WORK REQUEST:
Your answer must be an exact copy of the records below, with every picture left out.

THE DATA:

┌──

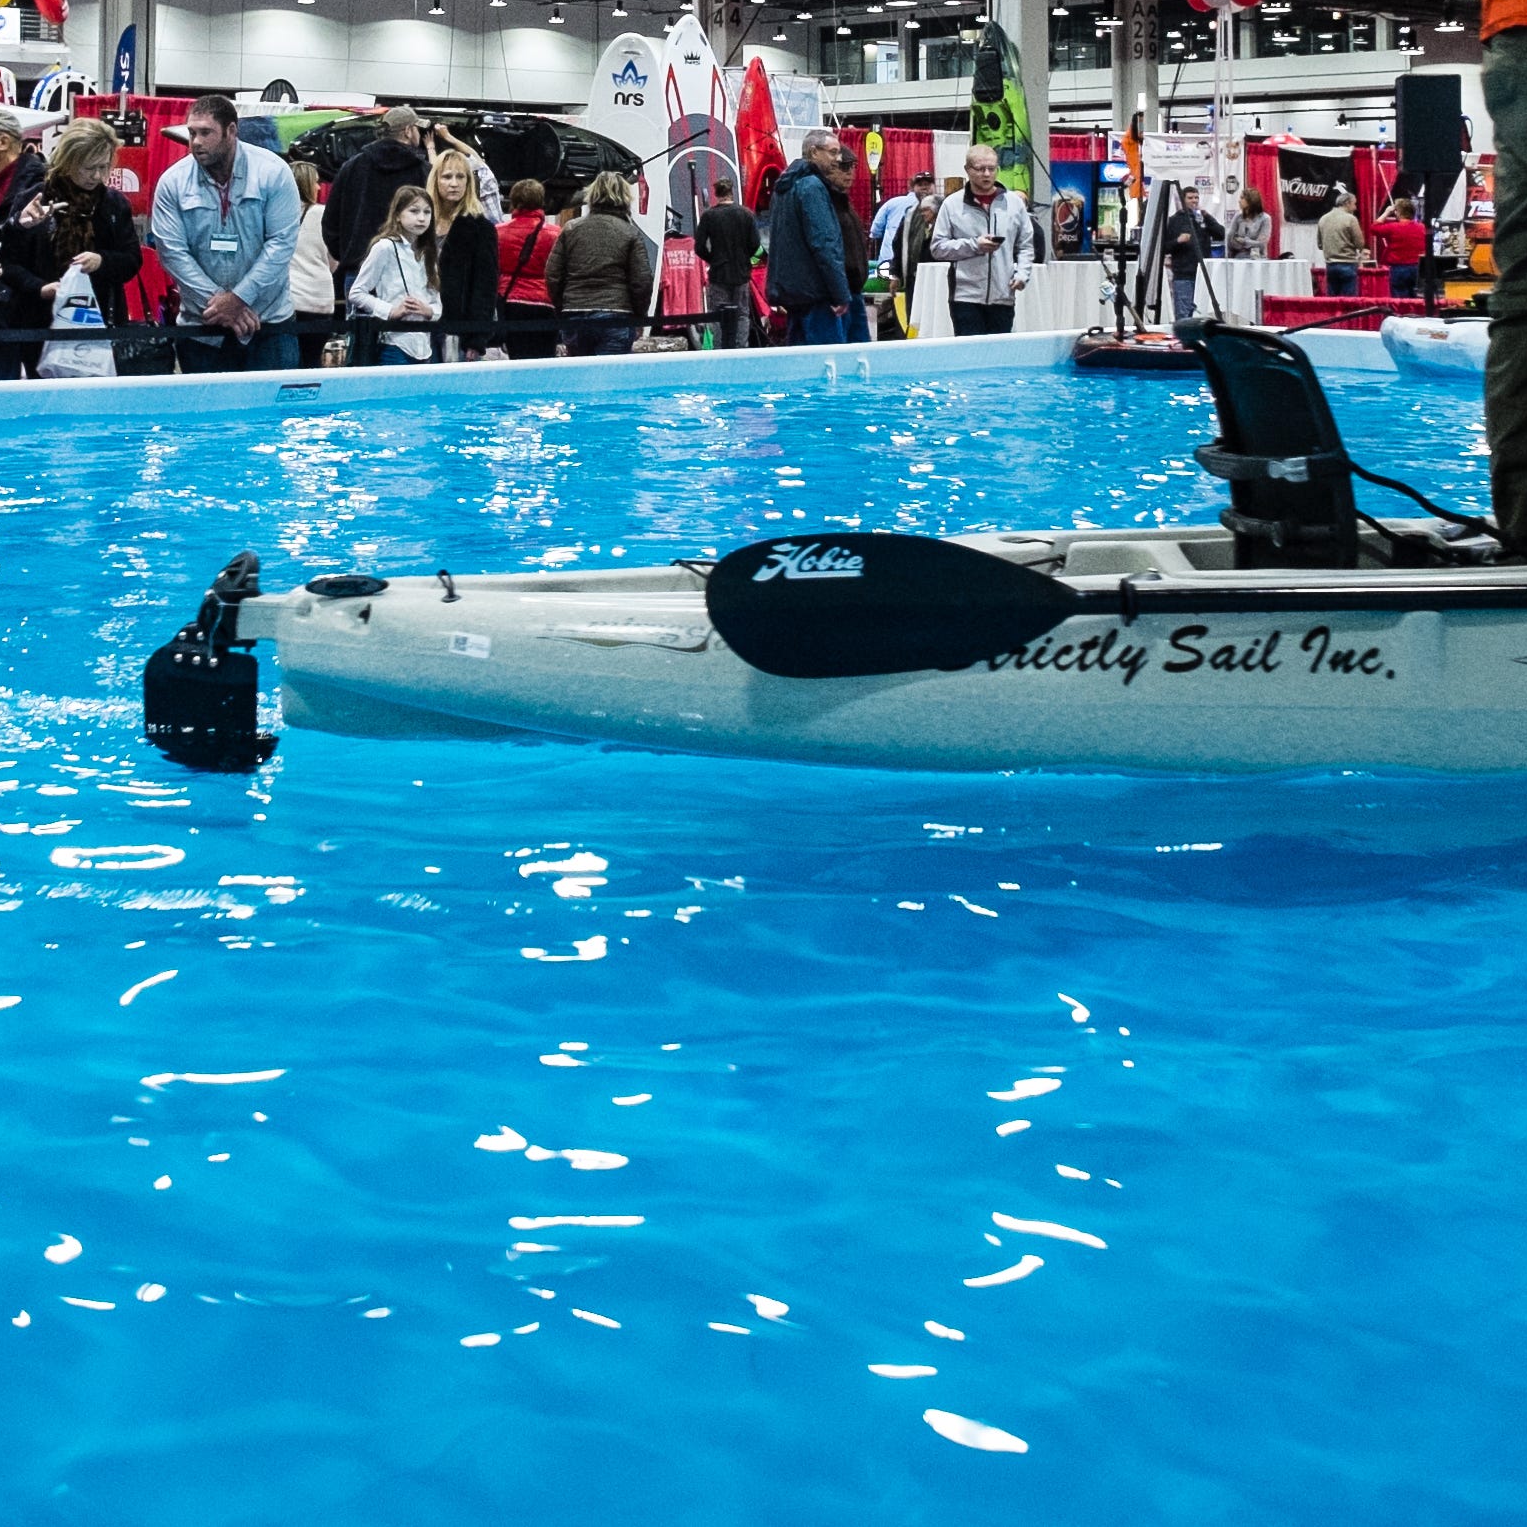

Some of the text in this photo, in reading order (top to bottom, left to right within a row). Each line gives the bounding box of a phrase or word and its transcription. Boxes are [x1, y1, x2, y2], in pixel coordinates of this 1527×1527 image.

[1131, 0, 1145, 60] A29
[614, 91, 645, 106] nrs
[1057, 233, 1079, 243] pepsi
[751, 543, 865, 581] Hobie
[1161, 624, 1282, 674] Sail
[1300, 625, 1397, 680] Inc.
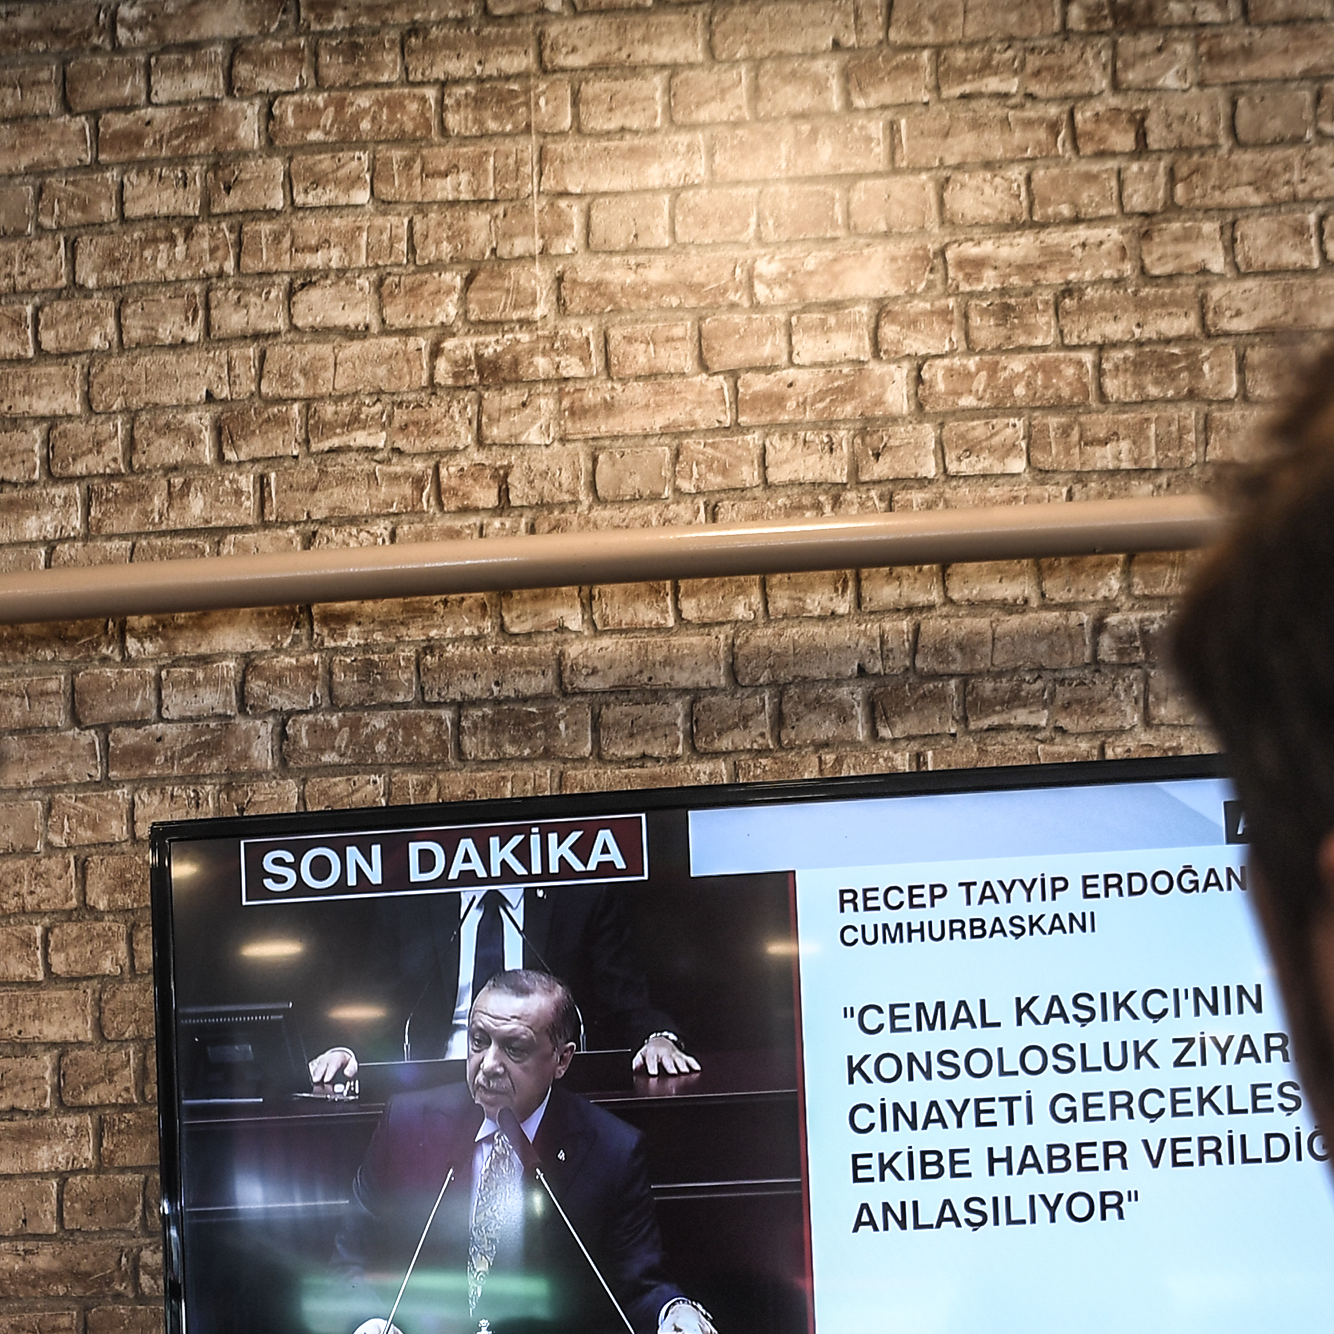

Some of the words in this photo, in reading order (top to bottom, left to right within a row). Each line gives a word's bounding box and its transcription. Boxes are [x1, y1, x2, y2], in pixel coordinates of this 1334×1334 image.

└──

SOLUTION TO THE EXERCISE:
Some of the text in this photo, in reading order (top to bottom, left to right within a row). Each line gives the bounding box of a phrase or word and its transcription. Boxes are [x1, y1, x2, y2], in pixel coordinates of this 1527×1527 image.

[1131, 0, 1145, 60] A29
[614, 91, 645, 106] nrs
[1057, 233, 1079, 243] pepsi
[751, 543, 865, 581] Hobie
[1161, 624, 1282, 674] Sail
[1300, 625, 1397, 680] Inc.

Some of the words in this photo, in reading order (top to bottom, left to right within a row). Each line gives a word's bounding box and its transcription. Boxes are [x1, y1, x2, y2], in pixel coordinates of this 1334×1334 image.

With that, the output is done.